** Task statement **
Output the complete listing exactly, please, and keep the pictures out of it.

-- Opening Marker --

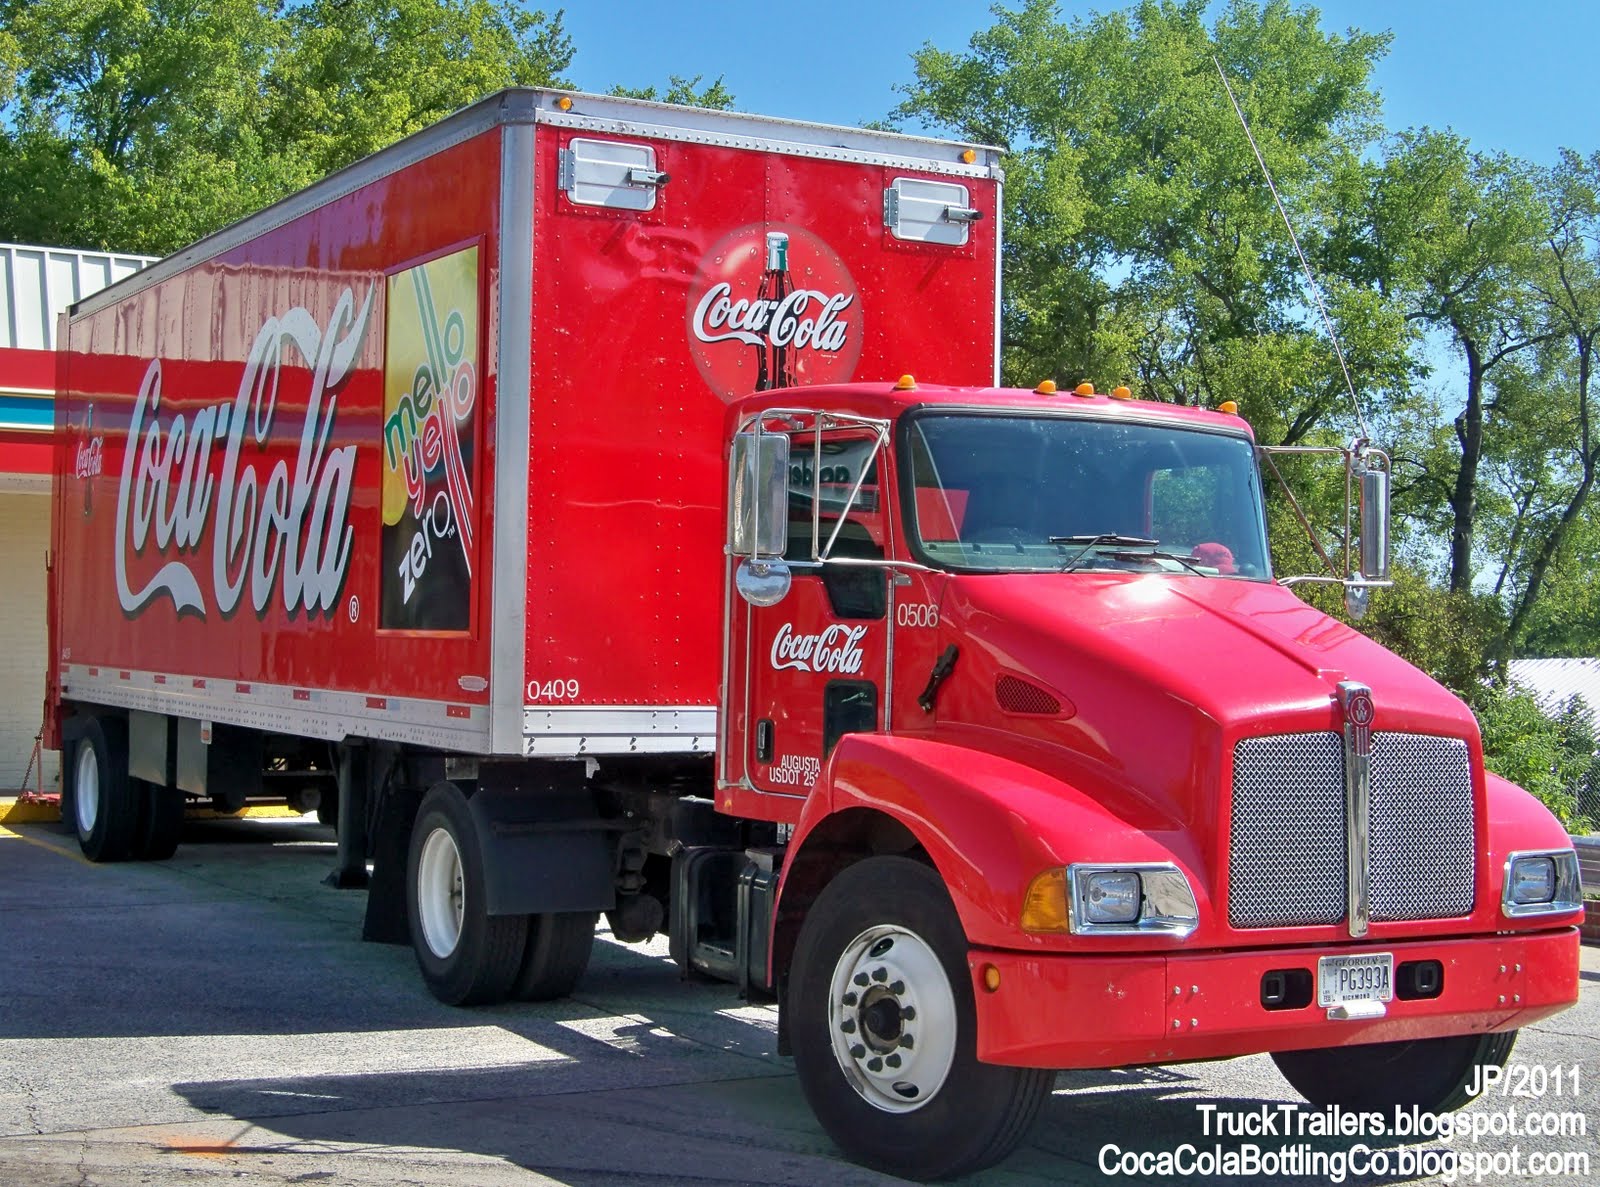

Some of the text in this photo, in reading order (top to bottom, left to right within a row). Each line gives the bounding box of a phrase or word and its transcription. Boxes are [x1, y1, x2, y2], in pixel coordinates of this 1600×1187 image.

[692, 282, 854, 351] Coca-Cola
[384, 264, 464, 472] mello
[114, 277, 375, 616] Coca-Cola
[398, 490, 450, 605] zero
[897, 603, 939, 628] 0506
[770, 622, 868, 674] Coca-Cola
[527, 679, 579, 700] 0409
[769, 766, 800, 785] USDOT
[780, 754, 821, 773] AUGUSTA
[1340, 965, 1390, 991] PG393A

-- Closing Marker --

** Solution for this problem **
Some of the text in this photo, in reading order (top to bottom, left to right within a row). Each line gives the bounding box of a phrase or word and its transcription. Boxes are [x1, y1, x2, y2], in pixel coordinates of this 1600×1187 image.

[692, 282, 854, 351] Coca-Cola
[384, 264, 464, 472] mello
[114, 277, 375, 616] Coca-Cola
[398, 490, 450, 605] zero
[897, 603, 939, 628] 0506
[770, 622, 868, 674] Coca-Cola
[527, 679, 579, 700] 0409
[769, 766, 800, 785] USDOT
[780, 754, 821, 773] AUGUSTA
[1340, 965, 1390, 991] PG393A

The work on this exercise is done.